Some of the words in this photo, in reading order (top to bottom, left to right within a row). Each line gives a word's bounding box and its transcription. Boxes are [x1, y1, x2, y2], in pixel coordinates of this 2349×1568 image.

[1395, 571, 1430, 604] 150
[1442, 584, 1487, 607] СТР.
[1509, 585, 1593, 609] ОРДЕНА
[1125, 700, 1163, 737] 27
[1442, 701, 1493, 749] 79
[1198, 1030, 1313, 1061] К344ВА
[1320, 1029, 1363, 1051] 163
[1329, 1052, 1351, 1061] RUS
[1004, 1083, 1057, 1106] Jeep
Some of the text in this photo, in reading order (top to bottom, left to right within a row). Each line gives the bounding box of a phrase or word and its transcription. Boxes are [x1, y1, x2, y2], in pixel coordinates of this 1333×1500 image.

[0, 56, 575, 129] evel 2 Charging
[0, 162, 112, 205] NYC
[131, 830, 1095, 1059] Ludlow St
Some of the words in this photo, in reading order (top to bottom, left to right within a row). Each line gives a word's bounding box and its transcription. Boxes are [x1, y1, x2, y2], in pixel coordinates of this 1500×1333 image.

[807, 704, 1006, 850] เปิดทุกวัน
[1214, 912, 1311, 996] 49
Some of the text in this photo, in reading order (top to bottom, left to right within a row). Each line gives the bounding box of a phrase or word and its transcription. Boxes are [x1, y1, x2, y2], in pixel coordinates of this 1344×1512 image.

• • • •

What you have to do — Give again only the lines of the material above that run from the one with "this 1500×1333 image." through the end, both included, exactly as they appear.

Answer section —
Some of the words in this photo, in reading order (top to bottom, left to right within a row). Each line gives a word's bounding box and its transcription. Boxes are [x1, y1, x2, y2], in pixel coordinates of this 1500×1333 image.

[807, 704, 1006, 850] เปิดทุกวัน
[1214, 912, 1311, 996] 49
Some of the text in this photo, in reading order (top to bottom, left to right within a row). Each line gives the bounding box of a phrase or word and its transcription. Boxes are [x1, y1, x2, y2], in pixel coordinates of this 1344×1512 image.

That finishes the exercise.